◆ PROBLEM: From the first line to the last, retype the records exactly without their images.

(Annotated photo localization data)
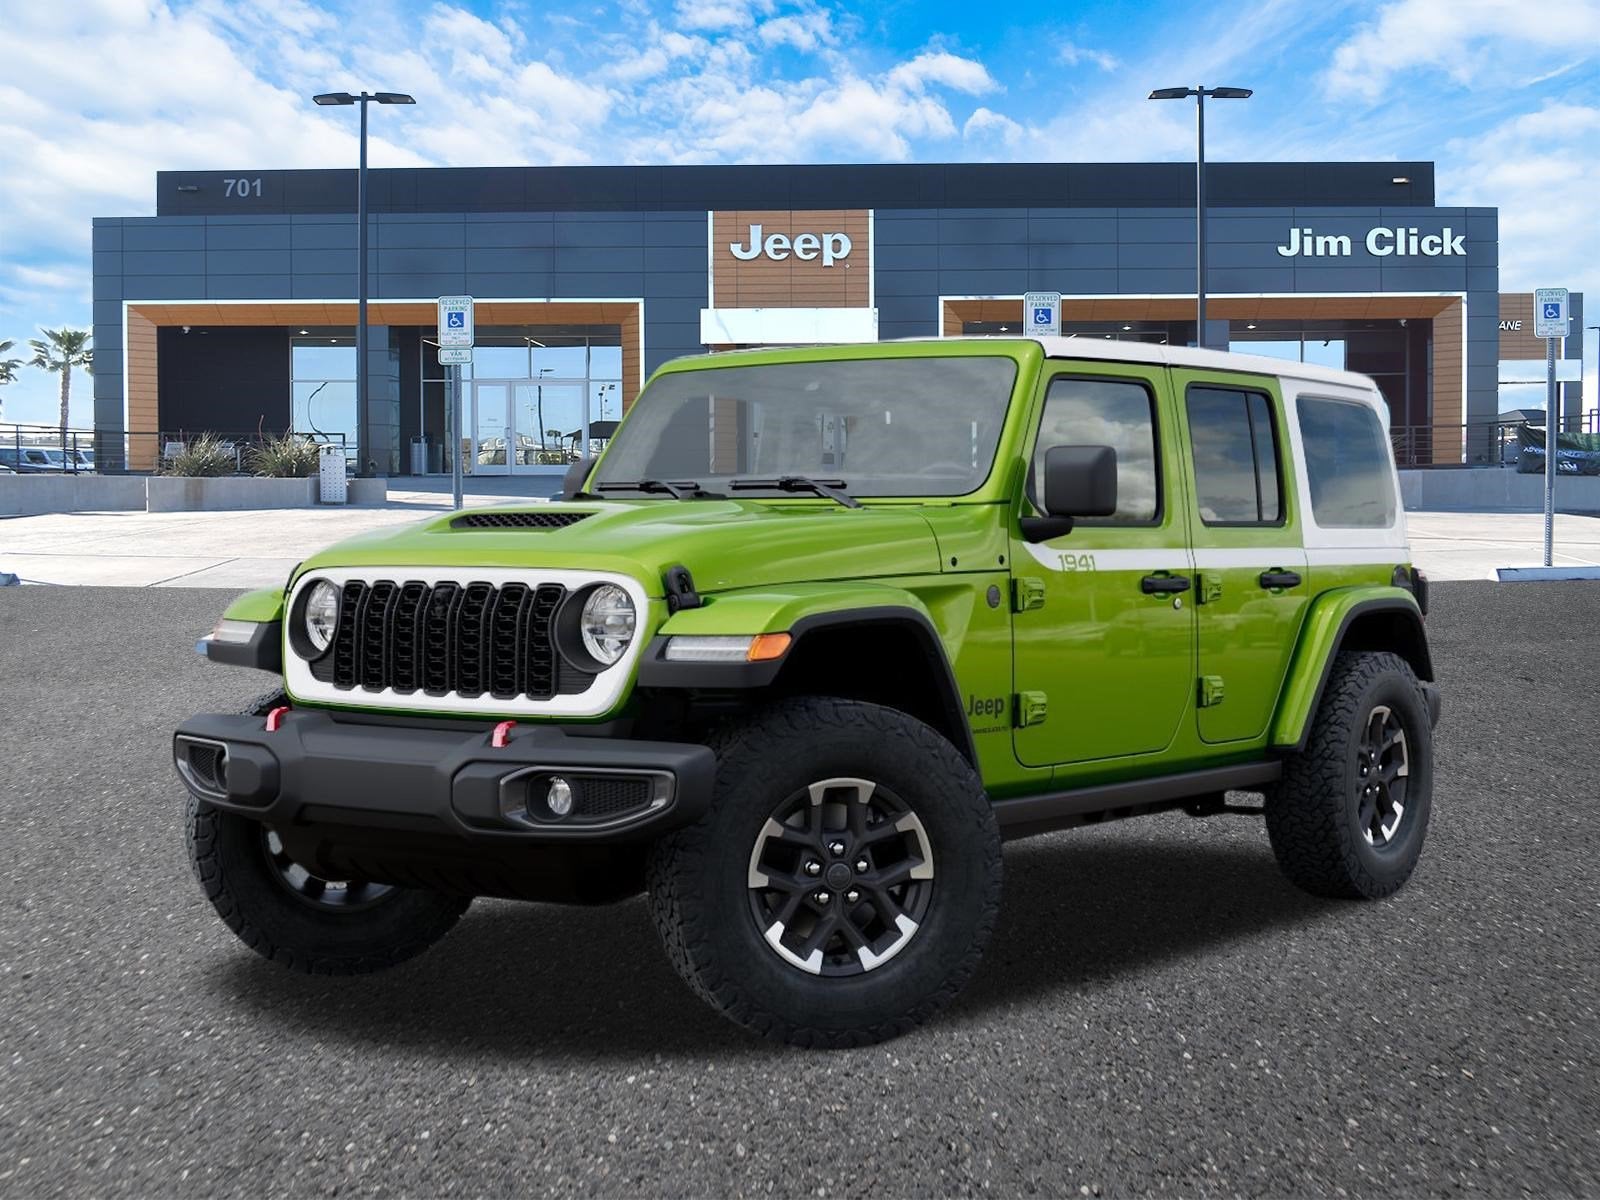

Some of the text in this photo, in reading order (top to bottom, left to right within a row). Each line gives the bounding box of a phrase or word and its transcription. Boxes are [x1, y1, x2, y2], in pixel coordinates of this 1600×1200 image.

[223, 178, 262, 197] 701
[730, 224, 852, 267] Jeep
[1277, 227, 1467, 257] Jim Click
[1057, 554, 1096, 573] 1941
[966, 694, 1005, 719] Jeep
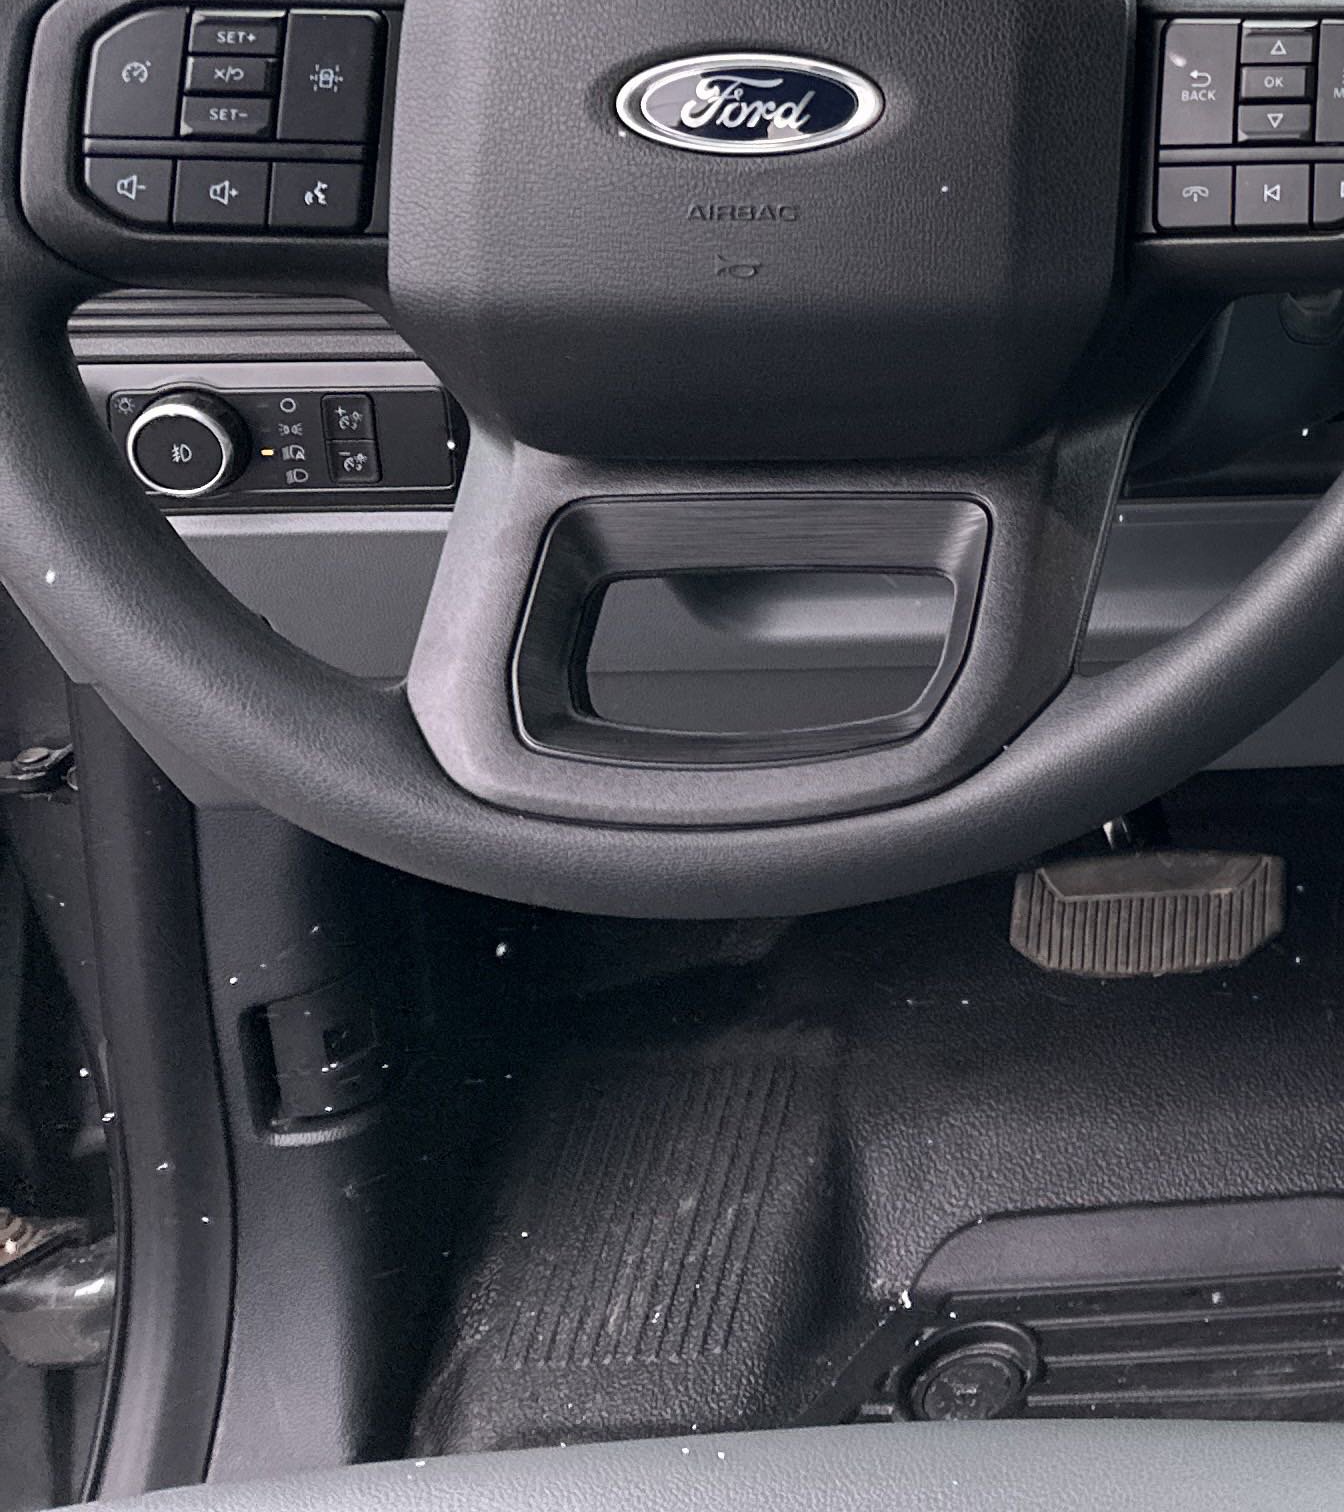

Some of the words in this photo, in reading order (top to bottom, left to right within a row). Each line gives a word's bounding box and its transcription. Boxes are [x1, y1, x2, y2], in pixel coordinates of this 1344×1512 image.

[1264, 76, 1284, 88] OK
[680, 75, 816, 129] Ford
[1181, 89, 1216, 102] BACK
[687, 204, 798, 222] AIRBAG
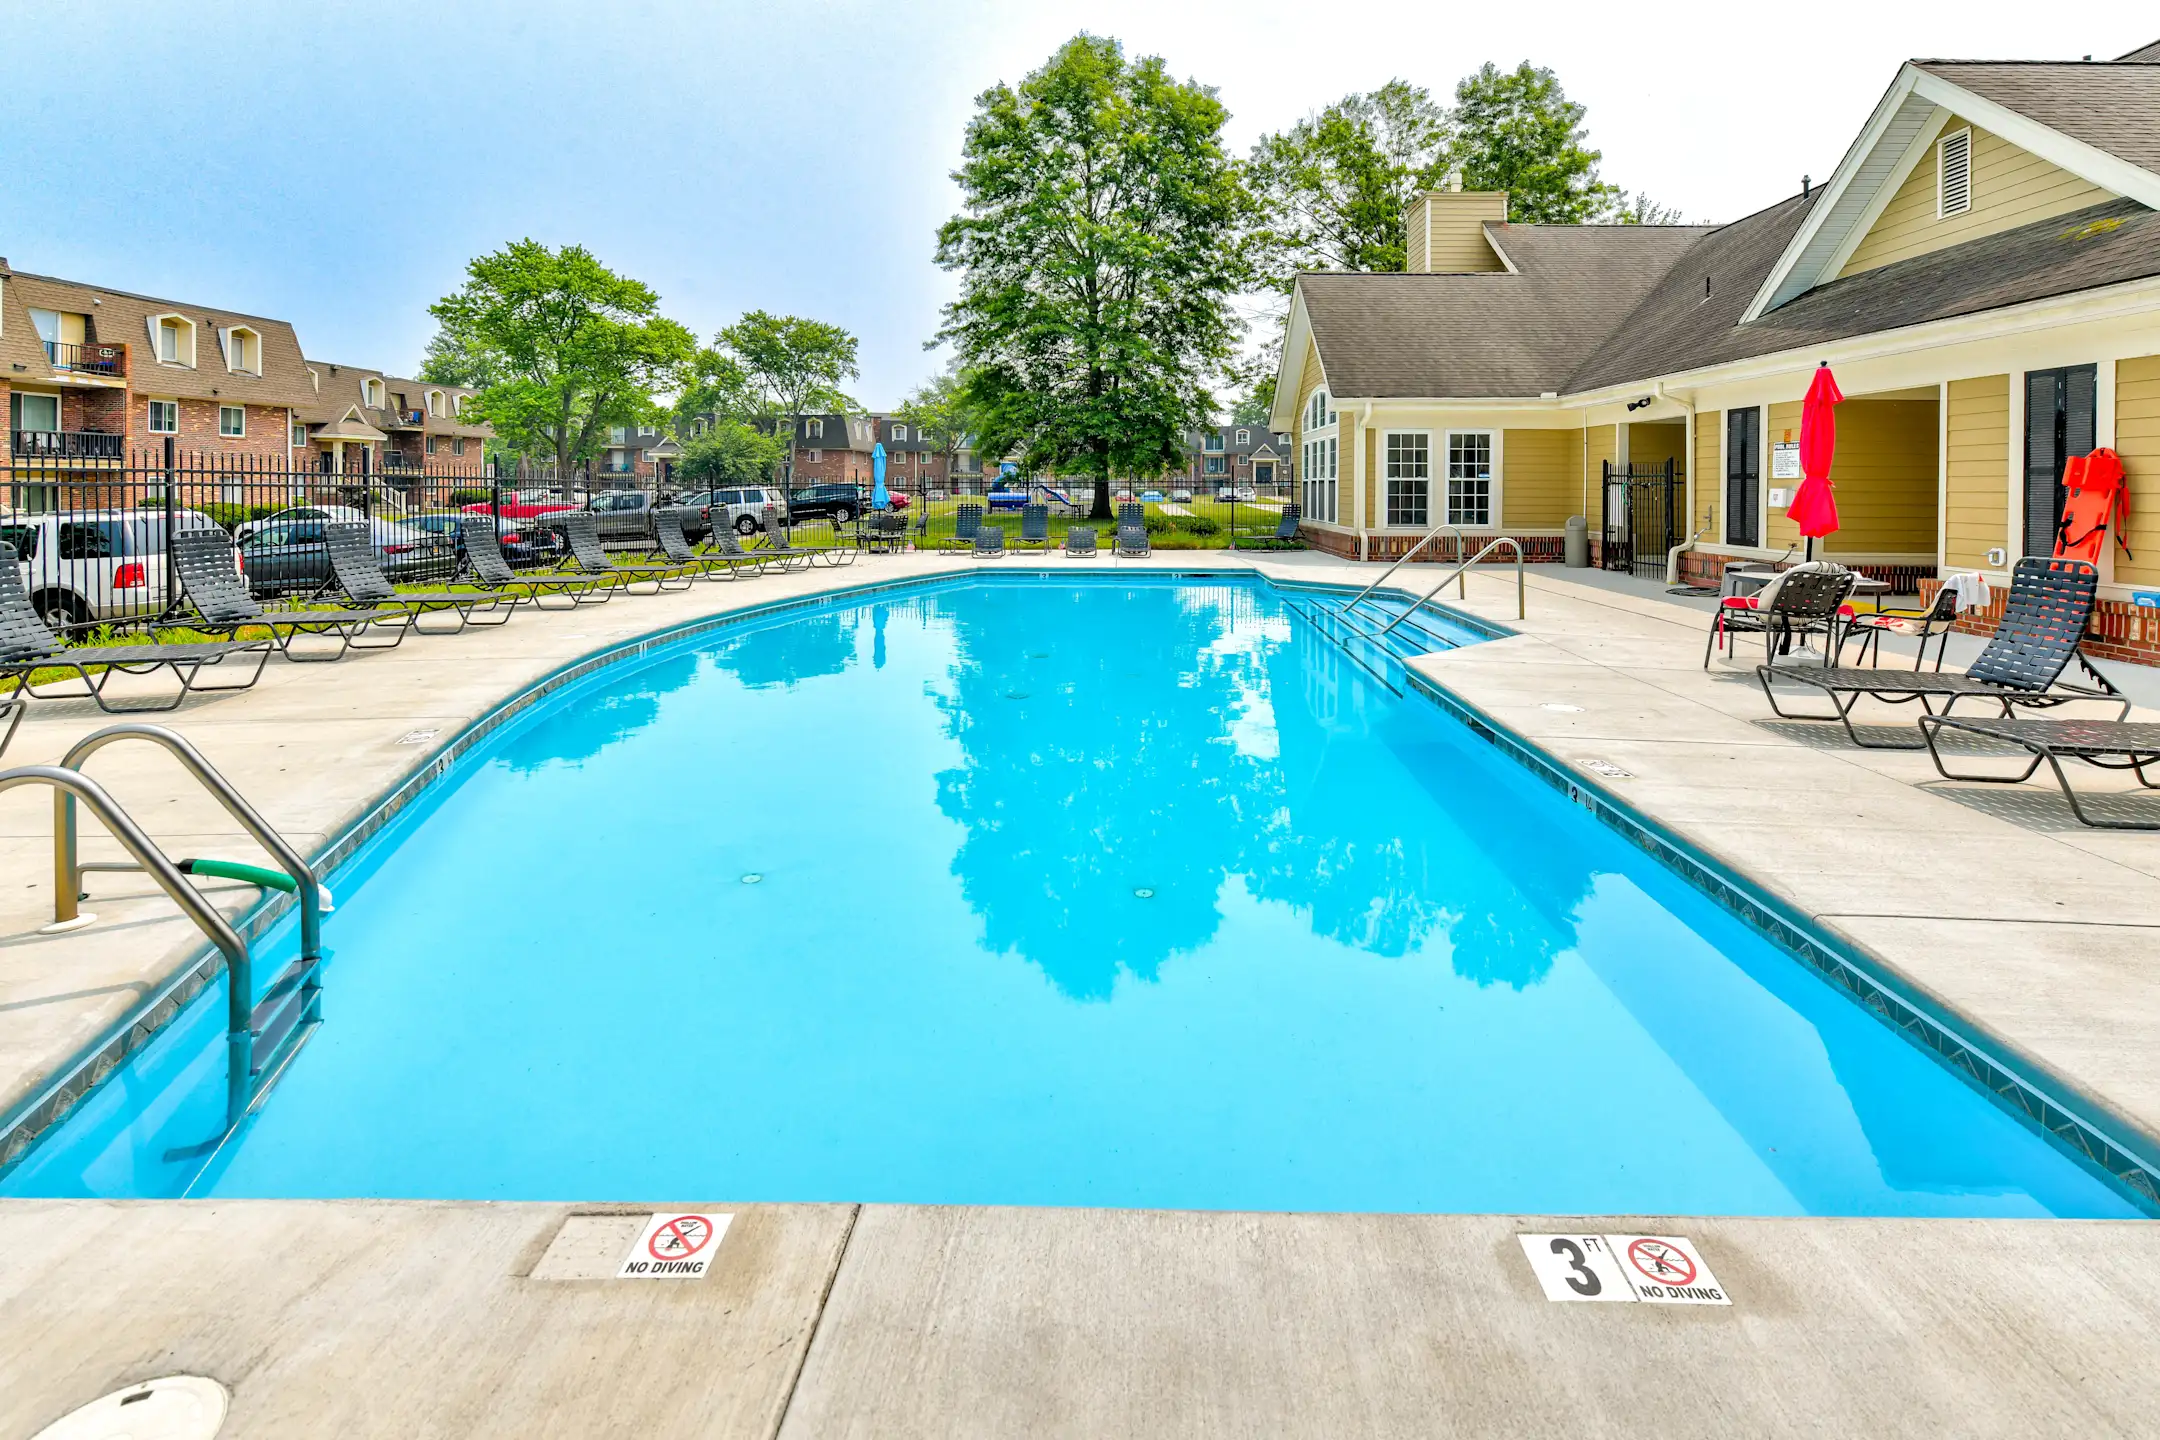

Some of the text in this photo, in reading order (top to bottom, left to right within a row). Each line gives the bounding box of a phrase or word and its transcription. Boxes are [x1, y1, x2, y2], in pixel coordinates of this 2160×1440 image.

[1571, 786, 1578, 804] 3
[625, 1262, 704, 1274] NO DIVING
[1549, 1238, 1602, 1297] 3 FT
[1639, 1285, 1723, 1301] NO DIVING

◆ SOLUTION TO THIS PROBLEM:
Some of the text in this photo, in reading order (top to bottom, left to right within a row). Each line gives the bounding box of a phrase or word and its transcription. Boxes are [x1, y1, x2, y2], in pixel coordinates of this 1600×1200 image.

[223, 178, 262, 197] 701
[730, 224, 852, 267] Jeep
[1277, 227, 1467, 257] Jim Click
[1057, 554, 1096, 573] 1941
[966, 694, 1005, 719] Jeep

Some of the words in this photo, in reading order (top to bottom, left to right within a row). Each line gives a word's bounding box and its transcription. Boxes are [x1, y1, x2, y2], in pixel coordinates of this 1344×1512 image.

[1264, 76, 1284, 88] OK
[680, 75, 816, 129] Ford
[1181, 89, 1216, 102] BACK
[687, 204, 798, 222] AIRBAG

Some of the text in this photo, in reading order (top to bottom, left to right within a row). Each line gives the bounding box of a phrase or word and its transcription. Boxes are [x1, y1, x2, y2], in pixel coordinates of this 2160×1440 image.

[1571, 786, 1578, 804] 3
[625, 1262, 704, 1274] NO DIVING
[1549, 1238, 1602, 1297] 3 FT
[1639, 1285, 1723, 1301] NO DIVING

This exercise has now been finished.